Three Things (3/13)

Monday, Mar 13th 2023


While the financial crisis destroyed careers and reputations, and left many more bruised and battered, it also left the survivors with a genuine sense of invulnerability at having made it back from the brink. Still missing in the current environment is a genuine sense of humility.” - Andrew Ross Sorkin, Too Big to Fail

Silicon Valley Bank 

What a 72 hours. The global business community was on edge the entire weekend waiting for the results of the Silicon Valley Bank dilemma - the second-largest collapse of a financial institution in US history. It seemed like the Twitter crowd had formed a rough consensus by midday Saturday: let the bank fail; but save the depositors. And that’s exactly what happened. In the dying moments of the weekend (the US Gov’t had until 6pm ET Sunday to figure this out before equity future markets opened), Janet Yellen & Co saved the day:

“Secretary Yellen approved actions enabling the FDIC to complete its resolution of Silicon Valley Bank, Santa Clara, California, in a manner that fully protects all depositors. Depositors will have access to all of their money starting Monday, March 13. No losses associated with the resolution of Silicon Valley Bank will be borne by the taxpayer.” (Press Release)

Signature Bank

It didn’t just stop there. The third-largest collapse of a financial institution in US history also happened over the weekend. Signature Bank, a New York-based bank with deep ties to the real estate and crypto industry, was closed by regulators Sunday after failing to find a buyer or another solution to shore up its balance sheet. 
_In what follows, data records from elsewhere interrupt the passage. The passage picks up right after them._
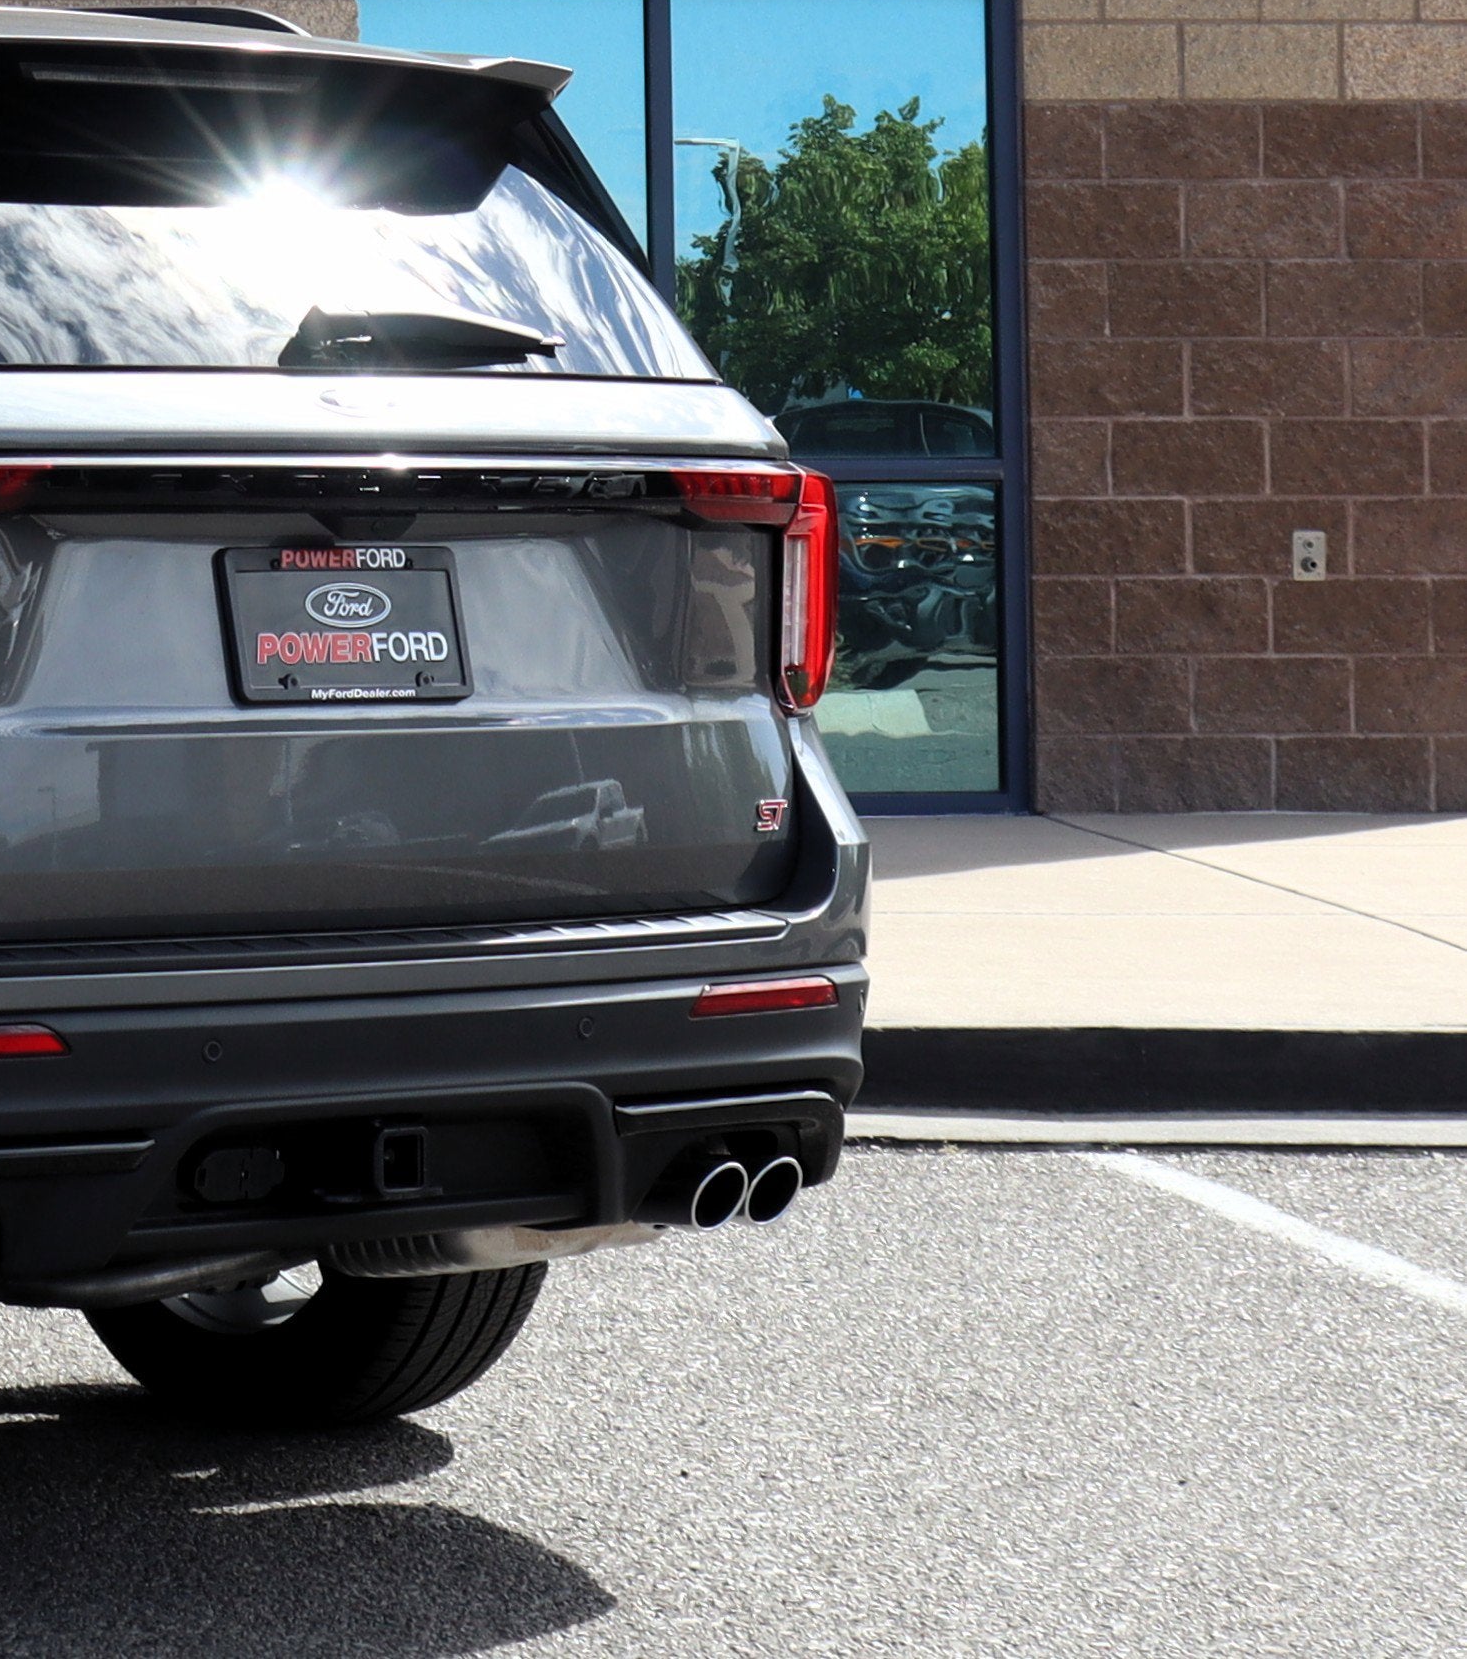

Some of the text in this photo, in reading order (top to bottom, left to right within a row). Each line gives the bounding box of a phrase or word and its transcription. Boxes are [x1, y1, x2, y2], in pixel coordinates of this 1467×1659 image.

[281, 548, 406, 569] POWERFORD
[323, 590, 373, 617] Ford
[257, 631, 448, 664] POWERFORD
[311, 688, 416, 700] MyFordDealer.com
[757, 799, 788, 831] ST
“Signature Bank came under the spotlight with the collapse of the FTX crypto exchange late last year. FTX had accounts with Signature Bank, which the company said represented less than 0.1% of its overall deposits. In December, after FTX’s collapse, Signature said it planned to shed as much as $10 billion in deposits from digital-asset clients.” (Bloomberg)

Market Reaction: Crisis Averted

Naturally, a lot of derivative thinking began to emerge over the weekend as well. The biggest risk being discussed was the possible mass contagion in the banking sector and “flight to quality,” leading Americans to pull their capital out of regional banks into one of the Big Four. As of the time of this writing, equity futures were up, implying the market believes that the Fed did in fact restore confidence.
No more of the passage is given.